◆ **Records shown**
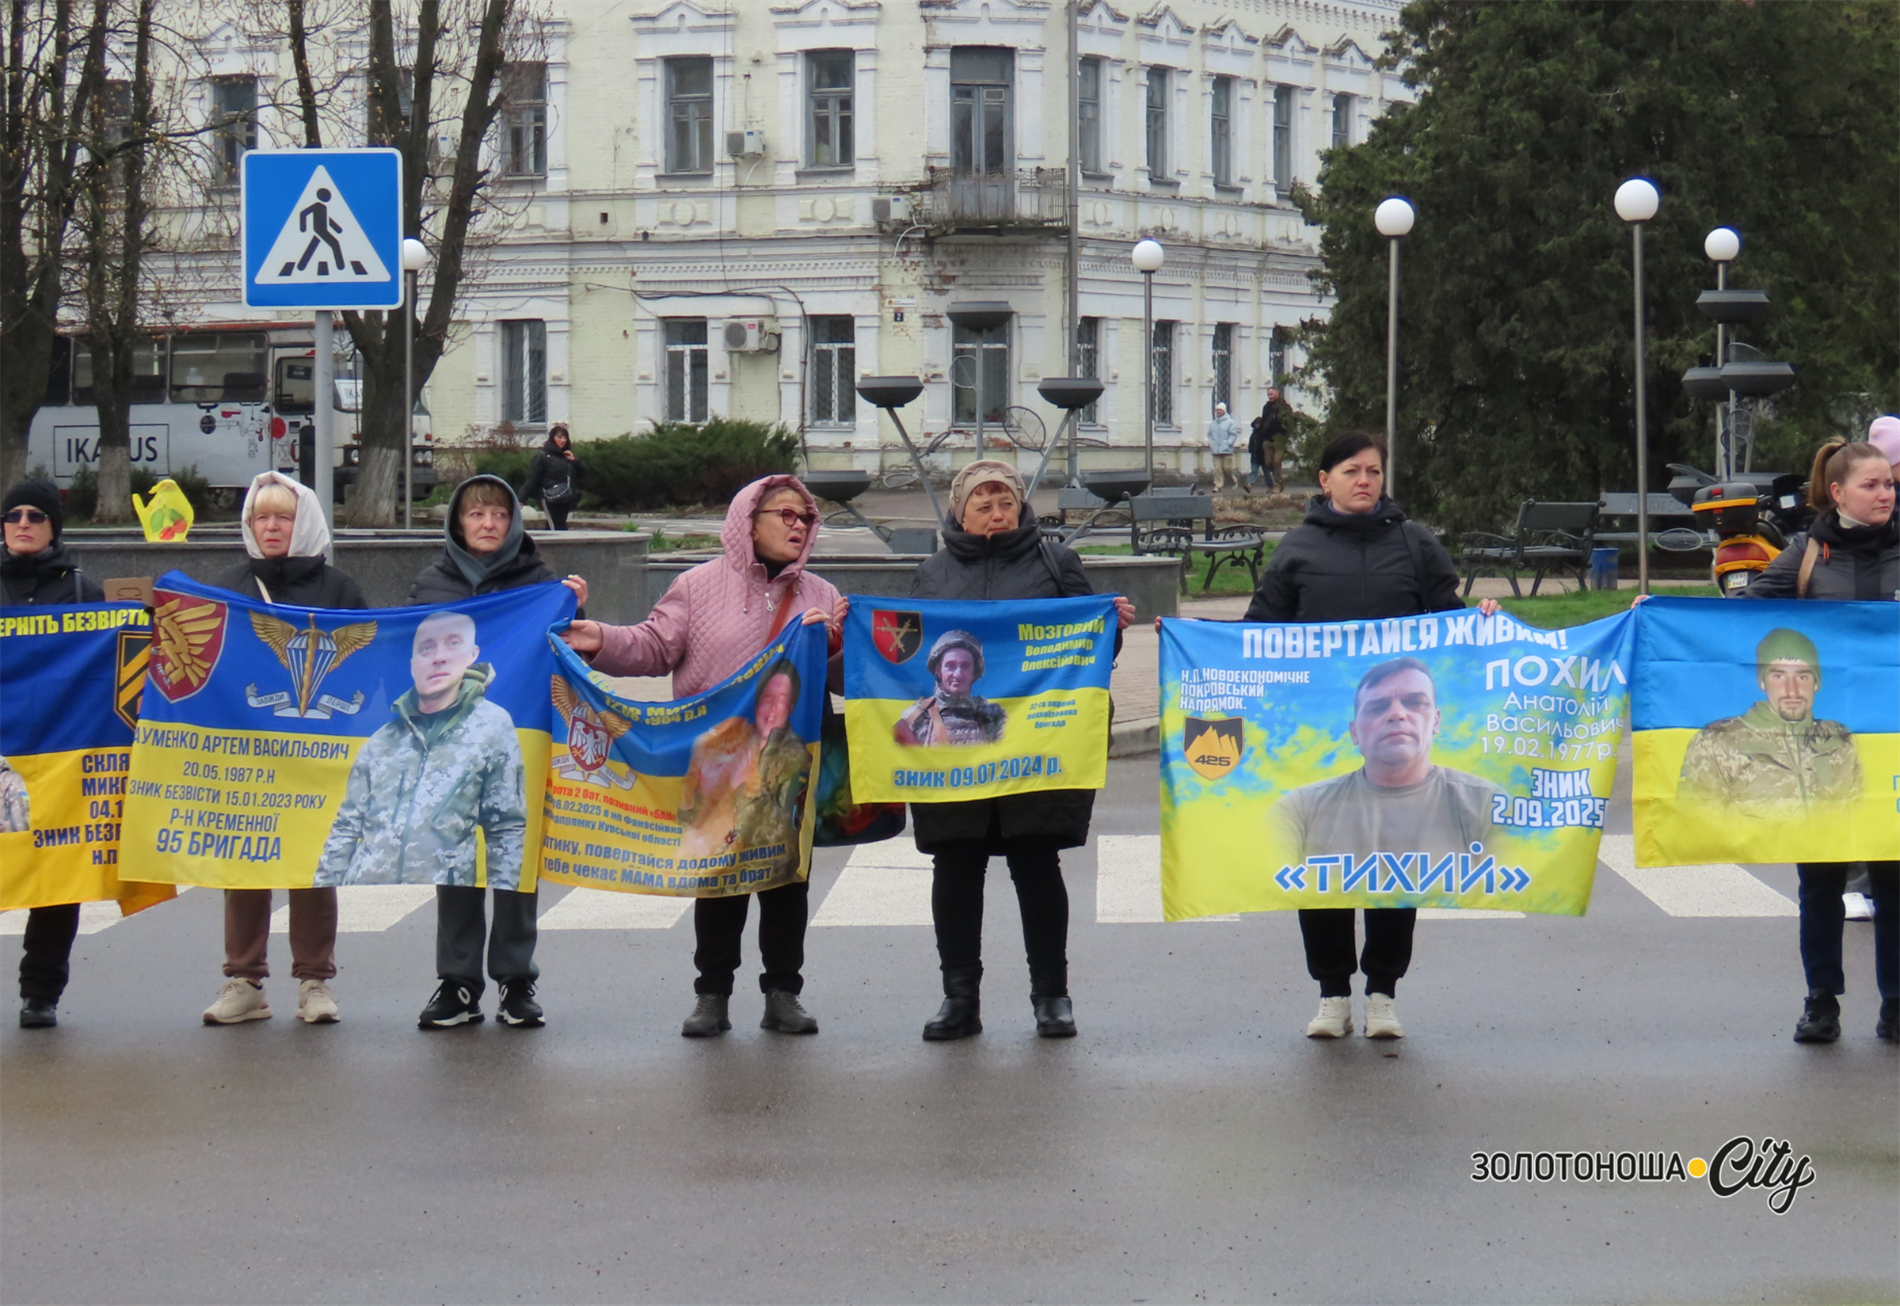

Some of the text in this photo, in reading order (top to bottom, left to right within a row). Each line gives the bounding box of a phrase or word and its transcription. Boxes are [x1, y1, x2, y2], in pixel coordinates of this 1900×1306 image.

[67, 436, 158, 463] IKUS
[62, 609, 150, 632] БЕЗВІСТИ
[1018, 615, 1105, 641] Мозговий
[1025, 638, 1094, 657] Володимир
[1242, 613, 1569, 659] ПОВЕРТАЙСЯ ЖИВИМ!
[1021, 655, 1096, 672] Олексійович
[1485, 655, 1627, 692] ПОХИЛ
[1180, 681, 1264, 698] ПОКРОВСЬКИЙ
[1179, 696, 1247, 713] НАПРЯМОК.
[1502, 691, 1610, 717] Анатолій
[1486, 713, 1624, 740] Васильович
[202, 735, 250, 756] АРТЕМ
[254, 738, 350, 760] ВАСИЛЬОВИЧ
[82, 753, 130, 773] СКЛЯ
[183, 761, 275, 784] 20.05.1987 Р.Н
[949, 755, 1043, 788] 09.07.2024
[1046, 756, 1063, 776] р.
[1194, 754, 1231, 767] 425
[129, 779, 327, 809] ЗНИК БЕЗВІСТИ 15.01.2023 РОКУ
[574, 787, 582, 798] 2
[1531, 767, 1591, 799] ЗНИК
[169, 808, 281, 832] Р-Н КРЕМЕННОЇ
[32, 825, 81, 848] ЗНИК
[156, 828, 281, 862] 95 БРИГАДА
[642, 833, 681, 847] області
[585, 843, 674, 870] повертайся
[677, 853, 736, 872] додому
[1273, 841, 1531, 894] «ТИХИЙ»
[543, 856, 772, 890] тебе чекає МАМА вдома та брат

◆ **Exercise objective**
Transcribe every record above in full. Pictures stay out of the copy.

◆ **Response to the exercise**
Some of the text in this photo, in reading order (top to bottom, left to right within a row). Each line gives the bounding box of a phrase or word and its transcription. Boxes are [x1, y1, x2, y2], in pixel coordinates of this 1900×1306 image.

[67, 436, 158, 463] IKUS
[62, 609, 150, 632] БЕЗВІСТИ
[1018, 615, 1105, 641] Мозговий
[1025, 638, 1094, 657] Володимир
[1242, 613, 1569, 659] ПОВЕРТАЙСЯ ЖИВИМ!
[1021, 655, 1096, 672] Олексійович
[1485, 655, 1627, 692] ПОХИЛ
[1180, 681, 1264, 698] ПОКРОВСЬКИЙ
[1179, 696, 1247, 713] НАПРЯМОК.
[1502, 691, 1610, 717] Анатолій
[1486, 713, 1624, 740] Васильович
[202, 735, 250, 756] АРТЕМ
[254, 738, 350, 760] ВАСИЛЬОВИЧ
[82, 753, 130, 773] СКЛЯ
[183, 761, 275, 784] 20.05.1987 Р.Н
[949, 755, 1043, 788] 09.07.2024
[1046, 756, 1063, 776] р.
[1194, 754, 1231, 767] 425
[129, 779, 327, 809] ЗНИК БЕЗВІСТИ 15.01.2023 РОКУ
[574, 787, 582, 798] 2
[1531, 767, 1591, 799] ЗНИК
[169, 808, 281, 832] Р-Н КРЕМЕННОЇ
[32, 825, 81, 848] ЗНИК
[156, 828, 281, 862] 95 БРИГАДА
[642, 833, 681, 847] області
[585, 843, 674, 870] повертайся
[677, 853, 736, 872] додому
[1273, 841, 1531, 894] «ТИХИЙ»
[543, 856, 772, 890] тебе чекає МАМА вдома та брат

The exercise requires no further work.